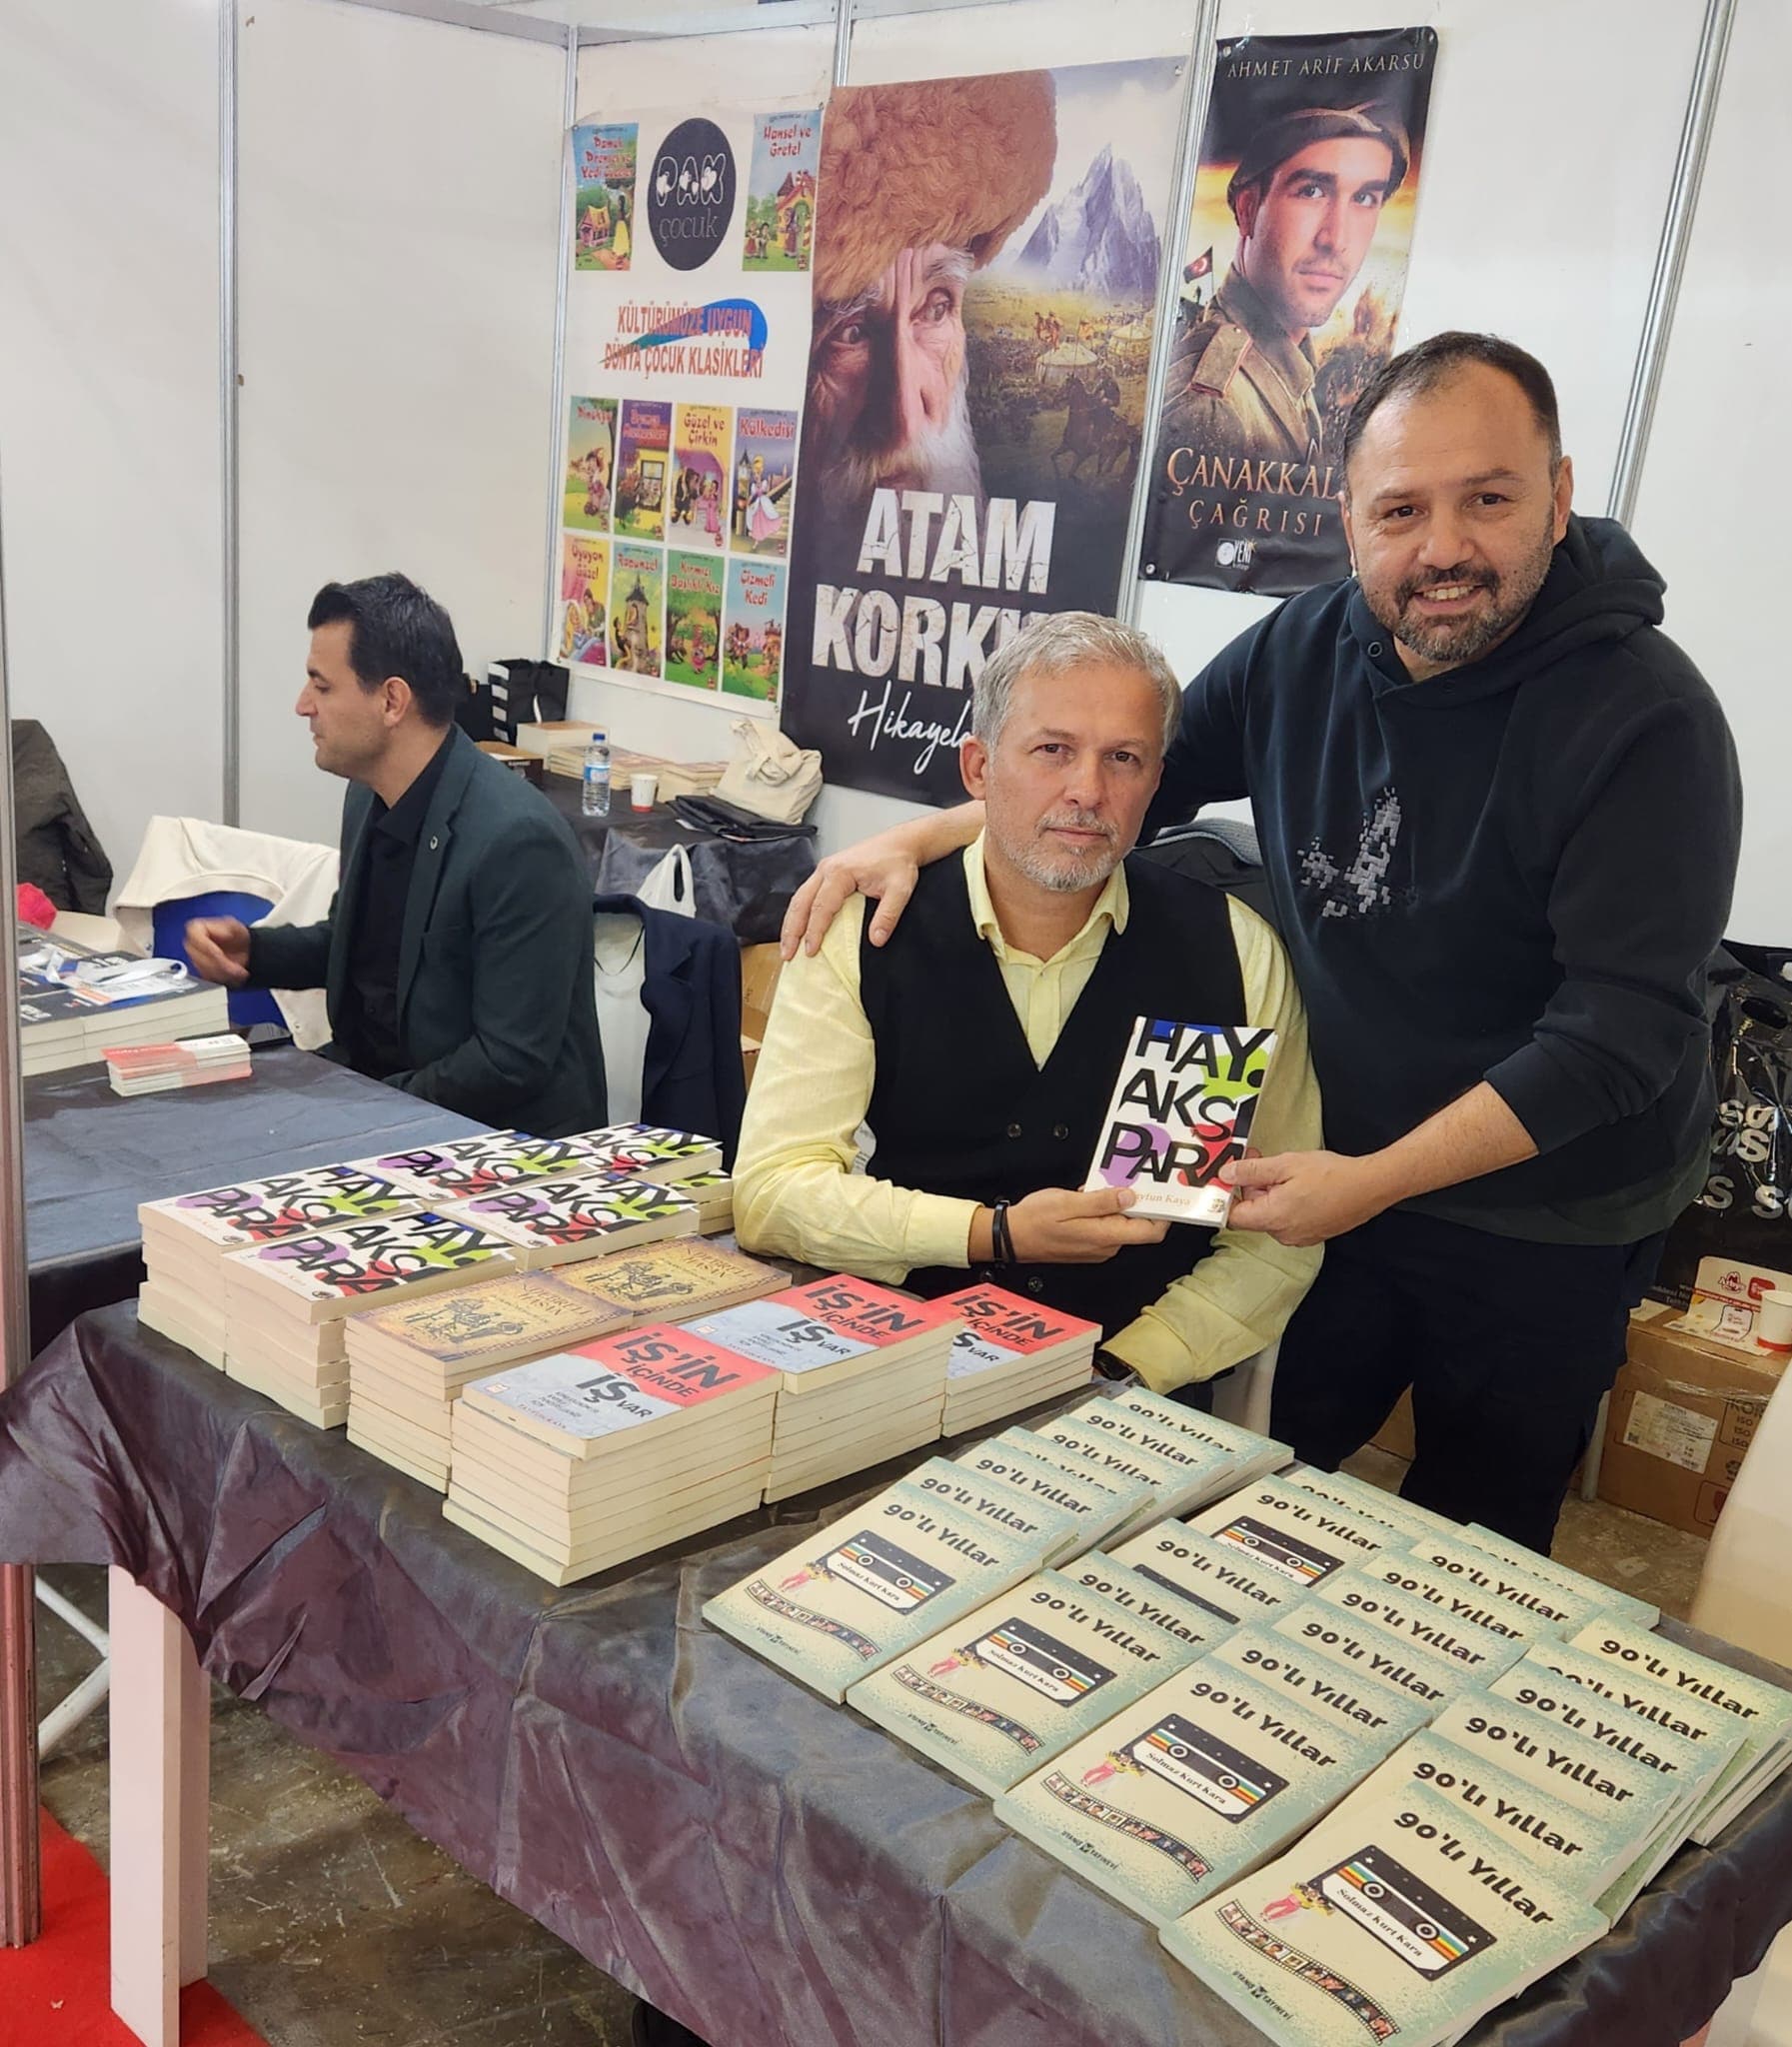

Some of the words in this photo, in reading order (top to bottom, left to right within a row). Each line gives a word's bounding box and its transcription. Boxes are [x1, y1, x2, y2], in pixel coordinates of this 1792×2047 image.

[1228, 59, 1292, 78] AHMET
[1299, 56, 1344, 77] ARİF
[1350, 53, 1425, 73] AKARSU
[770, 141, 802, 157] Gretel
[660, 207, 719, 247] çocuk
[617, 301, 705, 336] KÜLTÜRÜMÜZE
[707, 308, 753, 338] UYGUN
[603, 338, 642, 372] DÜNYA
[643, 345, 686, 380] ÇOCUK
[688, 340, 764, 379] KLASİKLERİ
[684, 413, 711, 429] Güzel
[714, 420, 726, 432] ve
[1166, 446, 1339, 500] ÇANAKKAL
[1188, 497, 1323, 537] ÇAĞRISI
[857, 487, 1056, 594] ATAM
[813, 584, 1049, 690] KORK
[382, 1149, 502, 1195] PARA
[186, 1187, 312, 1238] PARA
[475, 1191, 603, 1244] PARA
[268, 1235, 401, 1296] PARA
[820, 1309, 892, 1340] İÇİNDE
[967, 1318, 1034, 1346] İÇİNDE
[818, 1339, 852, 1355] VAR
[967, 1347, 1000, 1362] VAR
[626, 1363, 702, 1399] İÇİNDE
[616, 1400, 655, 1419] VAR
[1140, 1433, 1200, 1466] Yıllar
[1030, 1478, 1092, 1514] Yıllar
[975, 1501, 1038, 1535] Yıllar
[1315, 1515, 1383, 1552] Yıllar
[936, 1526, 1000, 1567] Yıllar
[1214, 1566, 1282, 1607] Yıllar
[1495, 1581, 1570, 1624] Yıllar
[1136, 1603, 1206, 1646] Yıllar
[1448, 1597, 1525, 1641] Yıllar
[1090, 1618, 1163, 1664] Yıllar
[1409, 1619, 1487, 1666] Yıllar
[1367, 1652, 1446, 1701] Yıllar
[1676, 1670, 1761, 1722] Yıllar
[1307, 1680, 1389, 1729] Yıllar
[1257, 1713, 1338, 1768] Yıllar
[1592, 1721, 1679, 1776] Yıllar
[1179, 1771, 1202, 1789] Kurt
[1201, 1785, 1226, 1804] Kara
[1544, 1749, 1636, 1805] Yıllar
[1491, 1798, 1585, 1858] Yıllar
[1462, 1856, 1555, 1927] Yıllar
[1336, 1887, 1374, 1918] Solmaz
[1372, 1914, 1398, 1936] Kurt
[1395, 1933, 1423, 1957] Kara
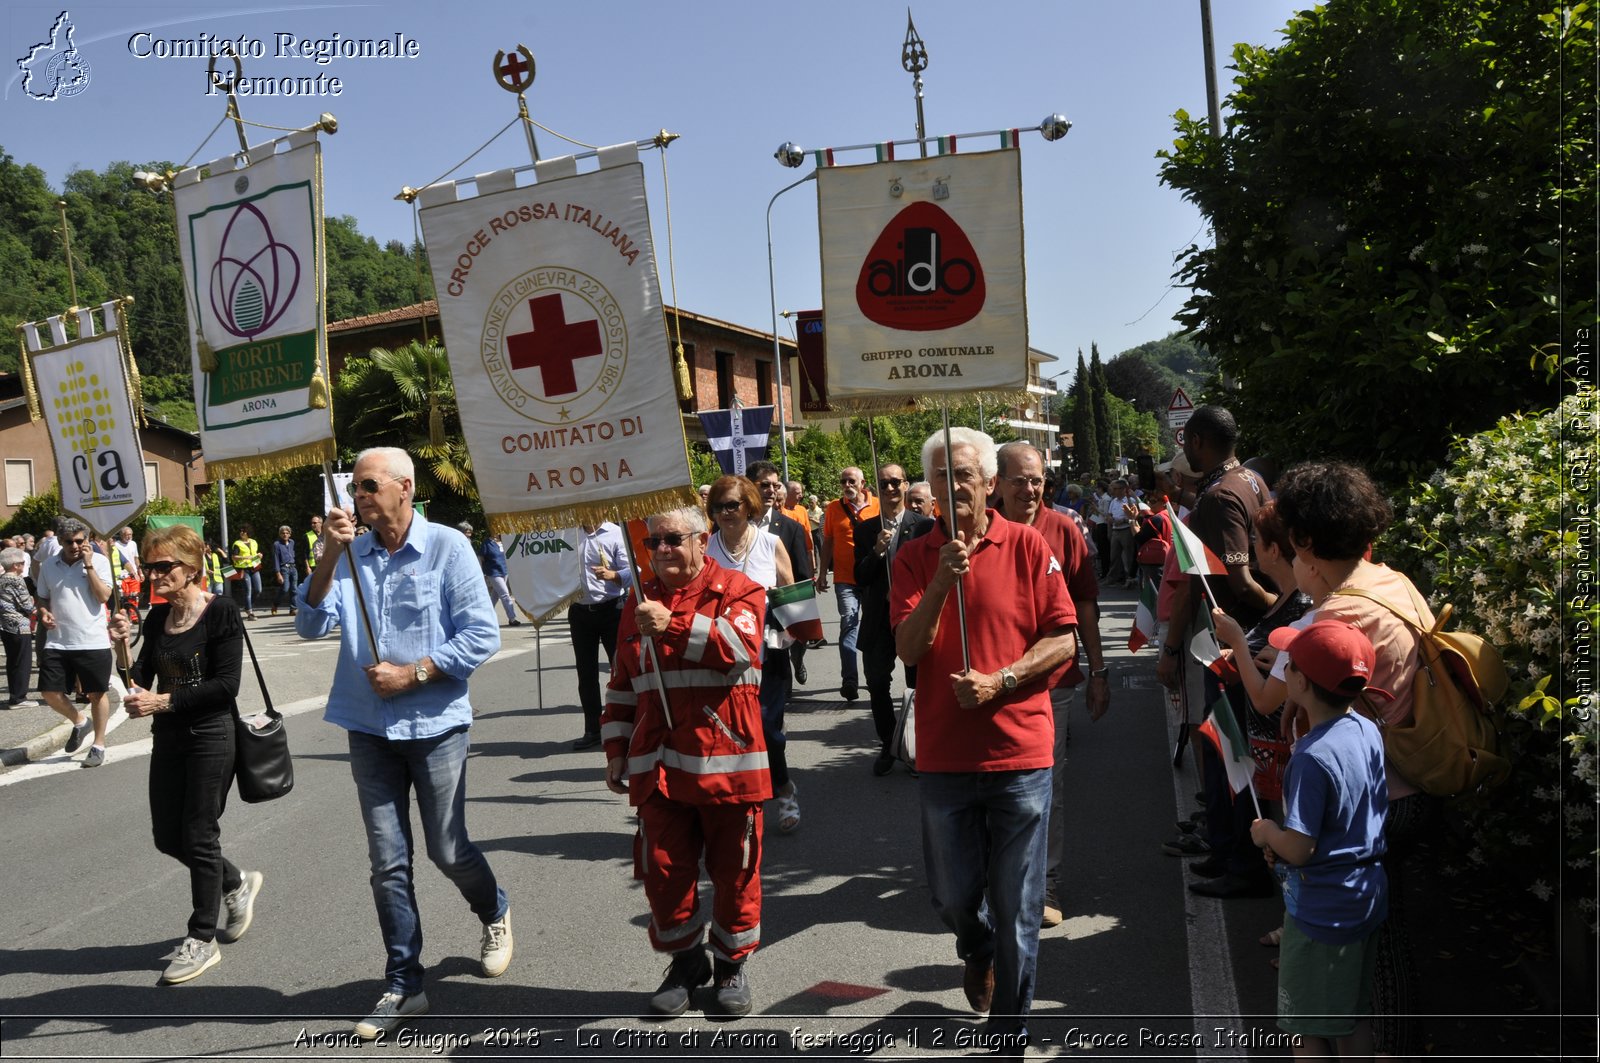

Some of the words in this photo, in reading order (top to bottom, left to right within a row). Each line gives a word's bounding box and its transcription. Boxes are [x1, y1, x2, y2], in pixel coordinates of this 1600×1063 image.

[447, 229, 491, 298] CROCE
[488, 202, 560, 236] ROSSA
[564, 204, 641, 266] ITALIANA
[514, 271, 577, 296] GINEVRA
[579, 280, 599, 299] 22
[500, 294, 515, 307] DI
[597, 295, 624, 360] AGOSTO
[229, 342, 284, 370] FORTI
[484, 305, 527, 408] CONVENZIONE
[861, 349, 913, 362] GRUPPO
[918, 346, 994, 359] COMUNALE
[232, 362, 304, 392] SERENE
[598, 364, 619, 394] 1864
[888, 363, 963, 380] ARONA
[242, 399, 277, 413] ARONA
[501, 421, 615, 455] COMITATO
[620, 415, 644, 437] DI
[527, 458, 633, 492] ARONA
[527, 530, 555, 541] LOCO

══════════════════════════════

● **Activity**
Return the whole of the material above exactly, with no picture carried over.

● **Task result**
Some of the words in this photo, in reading order (top to bottom, left to right within a row). Each line gives a word's bounding box and its transcription. Boxes are [x1, y1, x2, y2], in pixel coordinates of this 1792×2047 image.

[1228, 59, 1292, 78] AHMET
[1299, 56, 1344, 77] ARİF
[1350, 53, 1425, 73] AKARSU
[770, 141, 802, 157] Gretel
[660, 207, 719, 247] çocuk
[617, 301, 705, 336] KÜLTÜRÜMÜZE
[707, 308, 753, 338] UYGUN
[603, 338, 642, 372] DÜNYA
[643, 345, 686, 380] ÇOCUK
[688, 340, 764, 379] KLASİKLERİ
[684, 413, 711, 429] Güzel
[714, 420, 726, 432] ve
[1166, 446, 1339, 500] ÇANAKKAL
[1188, 497, 1323, 537] ÇAĞRISI
[857, 487, 1056, 594] ATAM
[813, 584, 1049, 690] KORK
[382, 1149, 502, 1195] PARA
[186, 1187, 312, 1238] PARA
[475, 1191, 603, 1244] PARA
[268, 1235, 401, 1296] PARA
[820, 1309, 892, 1340] İÇİNDE
[967, 1318, 1034, 1346] İÇİNDE
[818, 1339, 852, 1355] VAR
[967, 1347, 1000, 1362] VAR
[626, 1363, 702, 1399] İÇİNDE
[616, 1400, 655, 1419] VAR
[1140, 1433, 1200, 1466] Yıllar
[1030, 1478, 1092, 1514] Yıllar
[975, 1501, 1038, 1535] Yıllar
[1315, 1515, 1383, 1552] Yıllar
[936, 1526, 1000, 1567] Yıllar
[1214, 1566, 1282, 1607] Yıllar
[1495, 1581, 1570, 1624] Yıllar
[1136, 1603, 1206, 1646] Yıllar
[1448, 1597, 1525, 1641] Yıllar
[1090, 1618, 1163, 1664] Yıllar
[1409, 1619, 1487, 1666] Yıllar
[1367, 1652, 1446, 1701] Yıllar
[1676, 1670, 1761, 1722] Yıllar
[1307, 1680, 1389, 1729] Yıllar
[1257, 1713, 1338, 1768] Yıllar
[1592, 1721, 1679, 1776] Yıllar
[1179, 1771, 1202, 1789] Kurt
[1201, 1785, 1226, 1804] Kara
[1544, 1749, 1636, 1805] Yıllar
[1491, 1798, 1585, 1858] Yıllar
[1462, 1856, 1555, 1927] Yıllar
[1336, 1887, 1374, 1918] Solmaz
[1372, 1914, 1398, 1936] Kurt
[1395, 1933, 1423, 1957] Kara

Some of the words in this photo, in reading order (top to bottom, left to right within a row). Each line gives a word's bounding box and its transcription. Boxes are [x1, y1, x2, y2], in pixel coordinates of this 1600×1063 image.

[447, 229, 491, 298] CROCE
[488, 202, 560, 236] ROSSA
[564, 204, 641, 266] ITALIANA
[514, 271, 577, 296] GINEVRA
[579, 280, 599, 299] 22
[500, 294, 515, 307] DI
[597, 295, 624, 360] AGOSTO
[229, 342, 284, 370] FORTI
[484, 305, 527, 408] CONVENZIONE
[861, 349, 913, 362] GRUPPO
[918, 346, 994, 359] COMUNALE
[232, 362, 304, 392] SERENE
[598, 364, 619, 394] 1864
[888, 363, 963, 380] ARONA
[242, 399, 277, 413] ARONA
[501, 421, 615, 455] COMITATO
[620, 415, 644, 437] DI
[527, 458, 633, 492] ARONA
[527, 530, 555, 541] LOCO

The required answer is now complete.